10 Cet article se focalisera sur le clivage gauche/droite, sa survivance ou son obsolescence, et ce qu’implique être de gauche, de droite ou d’ailleurs, aujourd’hui par rapport à hier, et ainsi contribuera à éclairer cette élection. Dans un premier temps, il analysera la répartition des placements gauche/droite dans le temps. On pourra ainsi mesurer combien ces placements évoluent, notamment en fonction de la couleur politique du gouvernement. Dans un deuxième temps, l’article fera le point sur les logiques sociales qui sont derrière ces évolutions. On verra ainsi que certaines, comme la religion, perdurent mais qu’on assiste à des désalignements sociaux particulièrement marquants, notamment entre 2012 et 2017. Dans un troisième temps, l’article se penchera sur le lien entre valeurs et positionnement politique.
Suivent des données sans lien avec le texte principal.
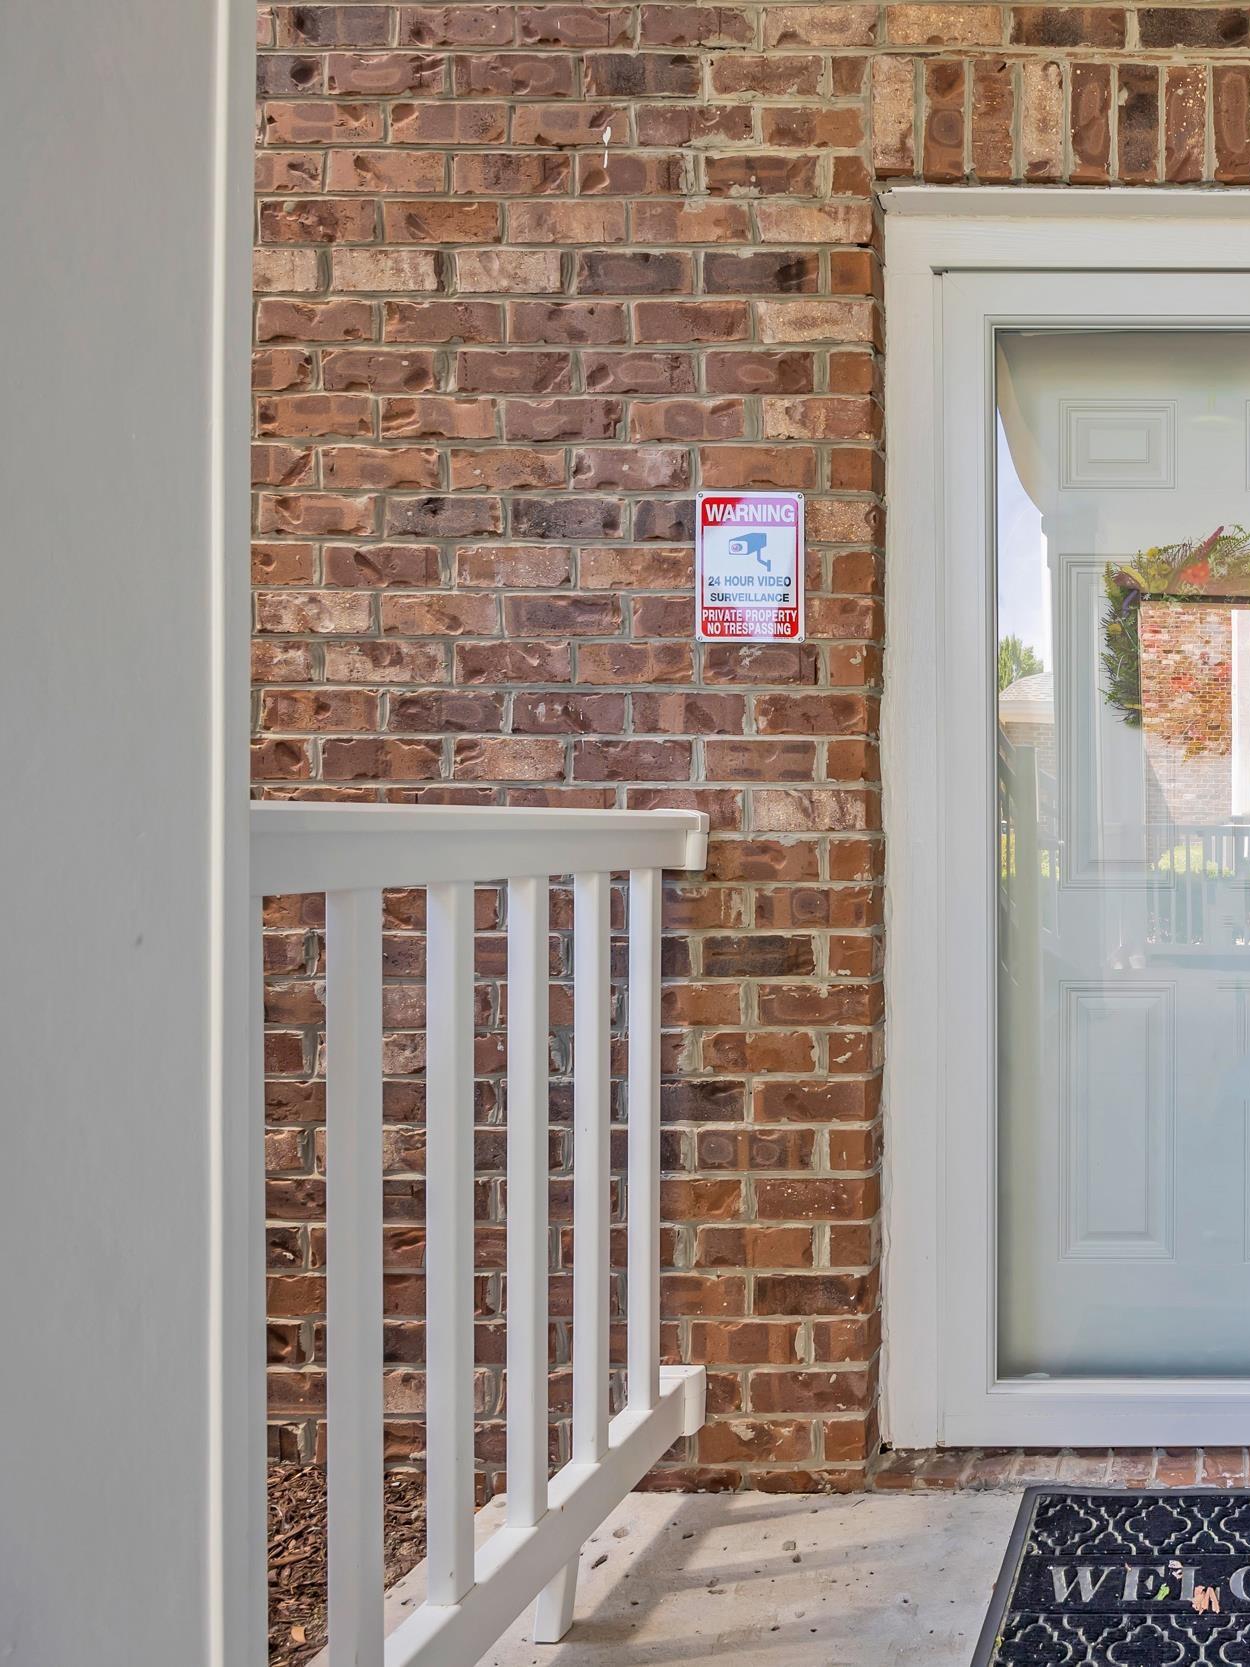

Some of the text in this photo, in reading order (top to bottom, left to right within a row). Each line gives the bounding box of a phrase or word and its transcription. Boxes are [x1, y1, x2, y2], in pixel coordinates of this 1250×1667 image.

On démontrera le poids que prennent les valeurs culturelles dans la manière aujourd’hui de se penser de gauche ou de droite. Enfin, dans une dernière partie, l’article analysera les liens entre placement gauche/droite et vote. Pour ce faire, on utilisera l’enquête électorale française 2017 réalisée en face-à-face en mai-juin auprès de 1 830 personnes  [18]. Dans la mesure du possible, l’analyse a été menée en comparaison avec les enquêtes présidentielles françaises disponibles depuis 1988, ainsi qu’avec un fichier cumulé des Eurobaromètres réalisés par nos soins.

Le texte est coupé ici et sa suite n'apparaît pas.